_EXERCISE INSTRUCTIONS:_ Copy out all the lines of the data precisely, omitting any pictures.

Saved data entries
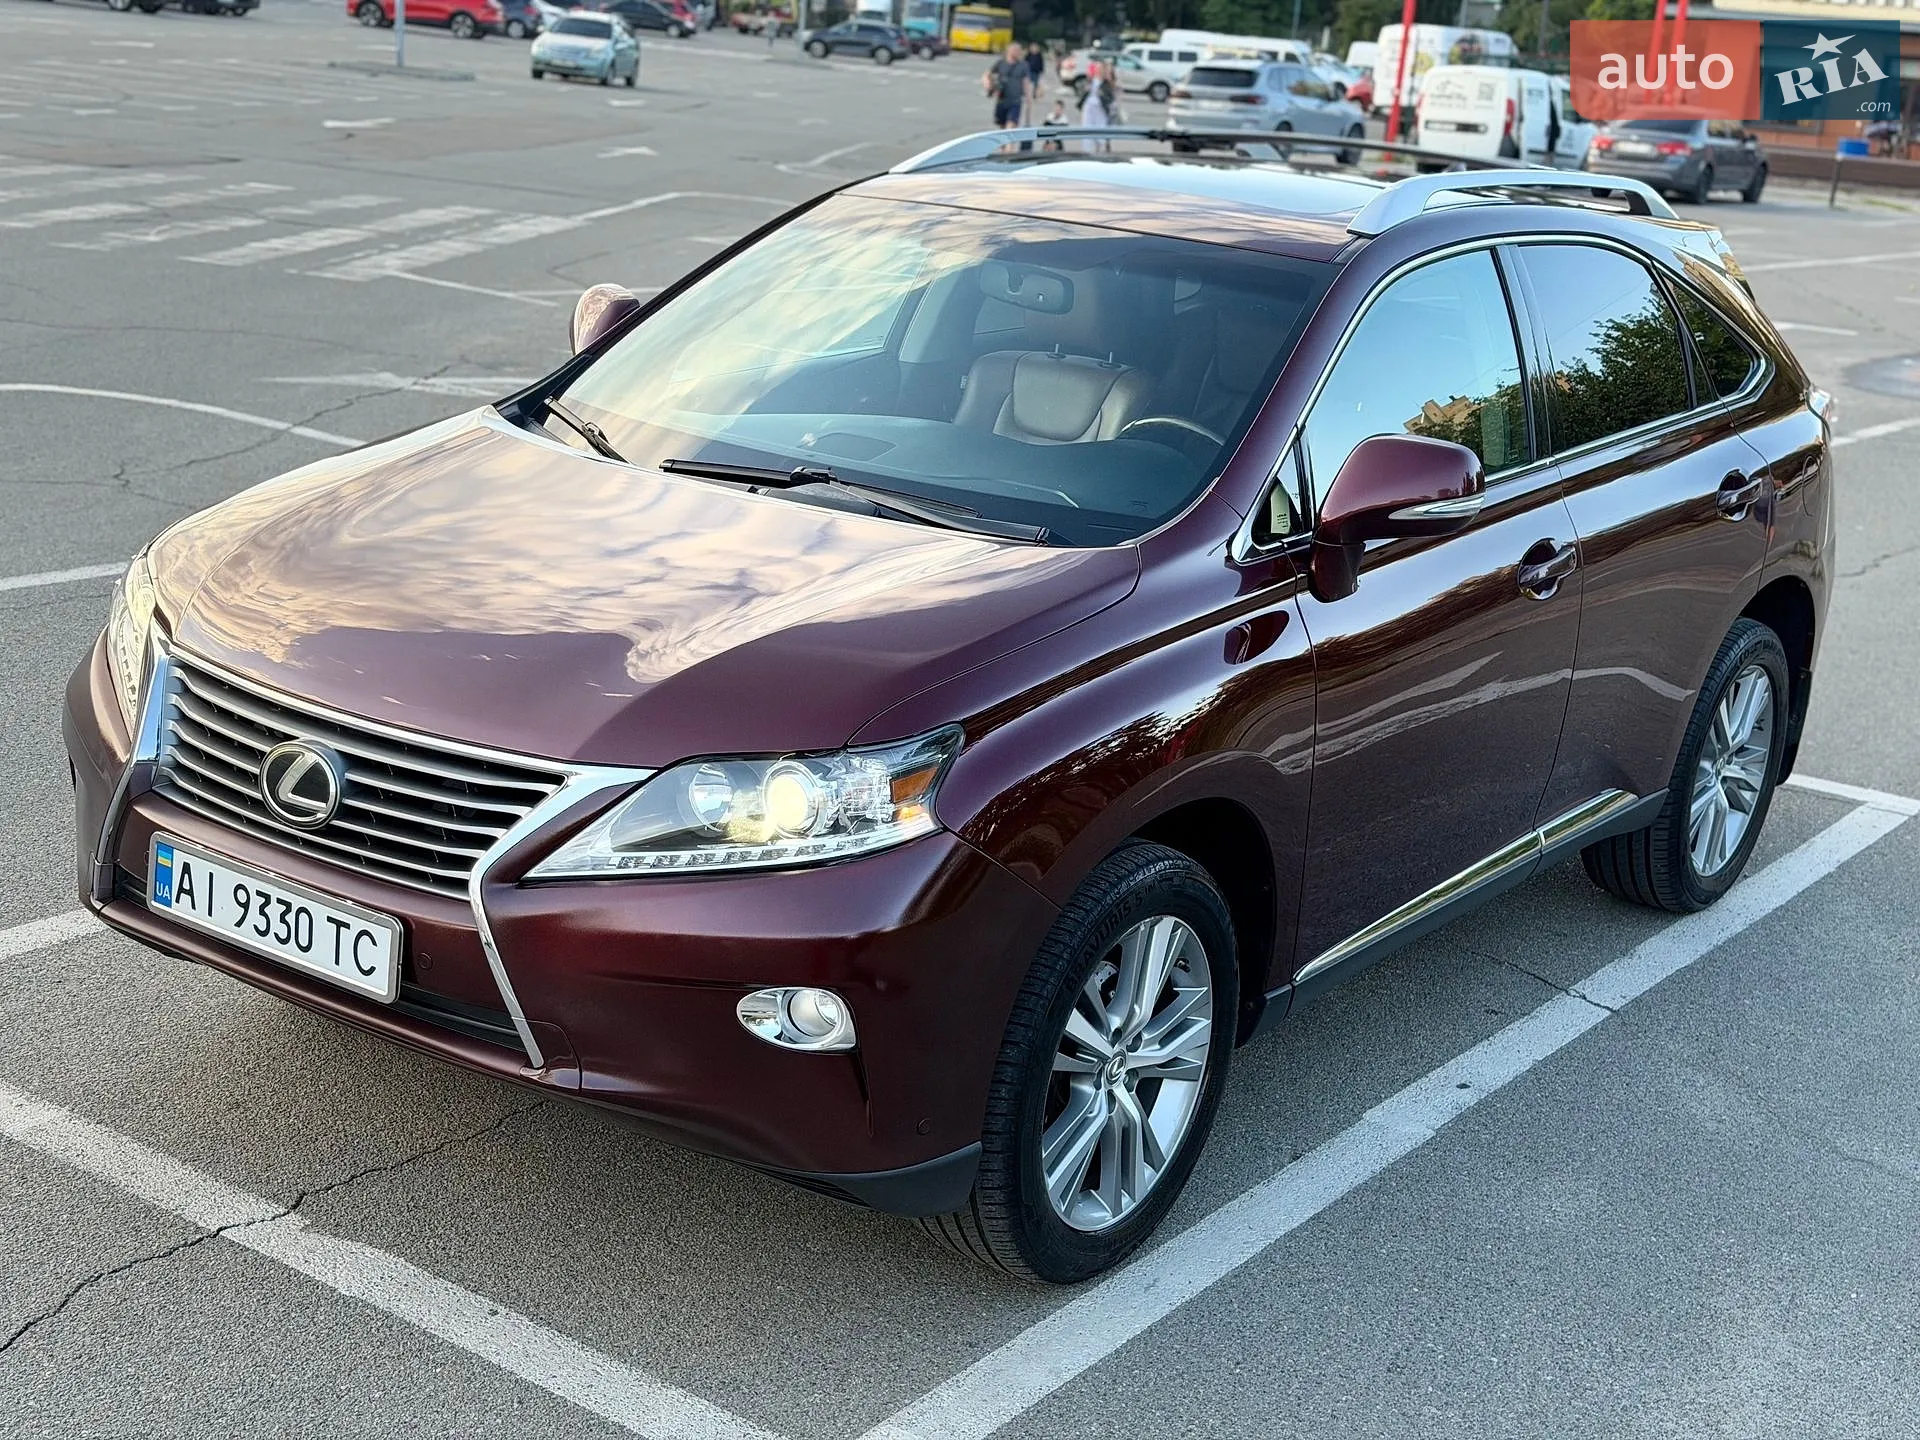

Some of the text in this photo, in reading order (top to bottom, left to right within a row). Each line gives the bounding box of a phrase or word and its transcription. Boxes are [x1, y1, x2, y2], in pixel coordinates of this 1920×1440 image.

[156, 880, 171, 900] UA
[175, 861, 378, 977] AI 9330 TC
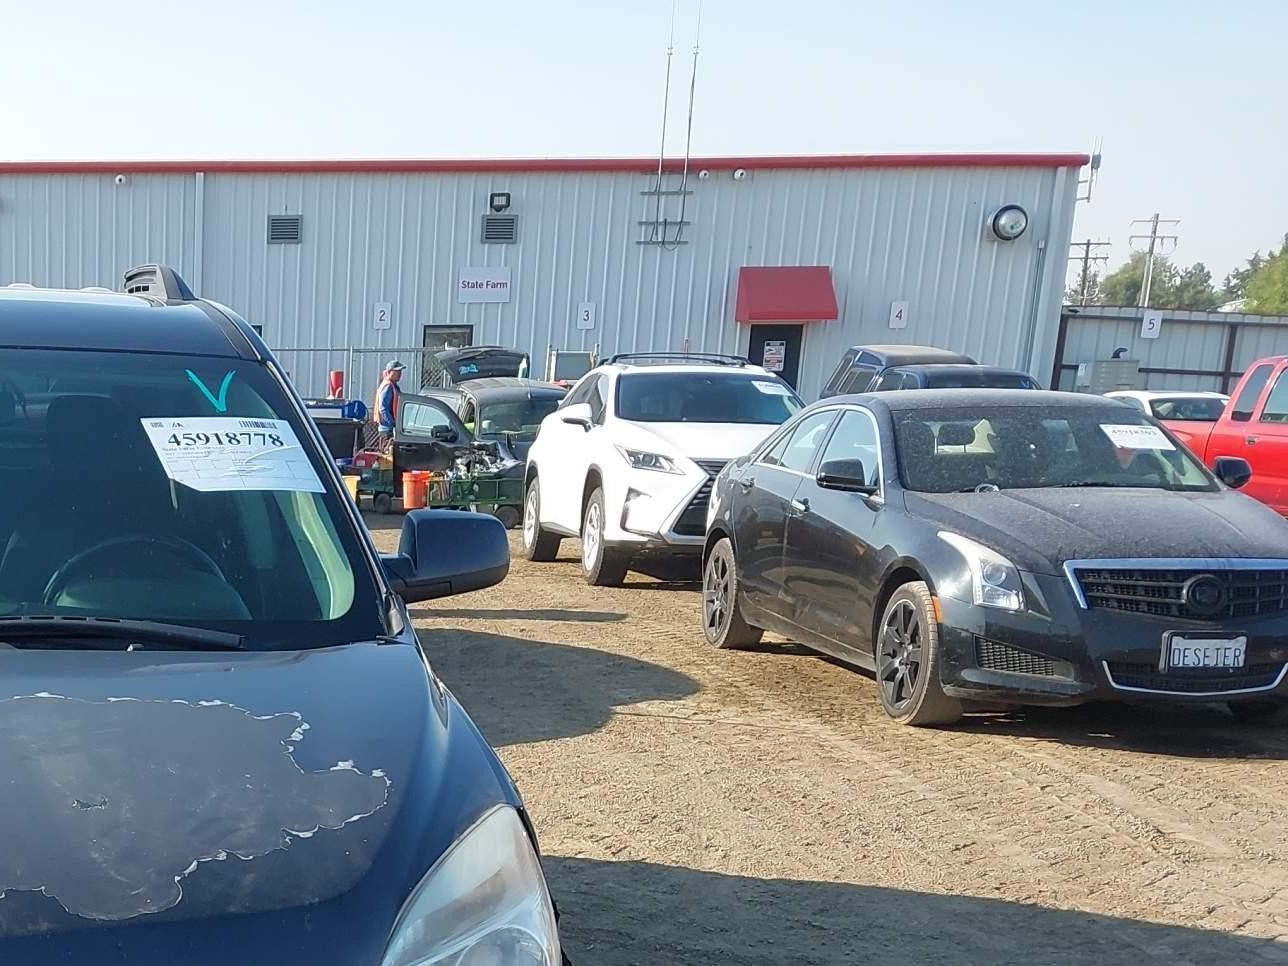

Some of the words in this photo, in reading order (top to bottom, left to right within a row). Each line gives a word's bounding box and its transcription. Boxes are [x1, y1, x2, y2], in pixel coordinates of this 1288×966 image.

[461, 279, 484, 289] State
[485, 280, 508, 289] Farm
[379, 309, 386, 321] 2
[583, 310, 590, 321] 3
[895, 308, 903, 321] 4
[1147, 318, 1156, 330] 5
[168, 432, 284, 447] 45918778

_PROBLEM SOLUTION:_
Some of the text in this photo, in reading order (top to bottom, left to right within a row). Each line gives the bounding box of a phrase or word and its transcription. Boxes are [x1, y1, x2, y2], in pixel coordinates of this 1920×1440 image.

[156, 880, 171, 900] UA
[175, 861, 378, 977] AI 9330 TC

Some of the words in this photo, in reading order (top to bottom, left to right within a row). Each line gives a word's bounding box and its transcription. Boxes are [x1, y1, x2, y2], in pixel coordinates of this 1288×966 image.

[461, 279, 484, 289] State
[485, 280, 508, 289] Farm
[379, 309, 386, 321] 2
[583, 310, 590, 321] 3
[895, 308, 903, 321] 4
[1147, 318, 1156, 330] 5
[168, 432, 284, 447] 45918778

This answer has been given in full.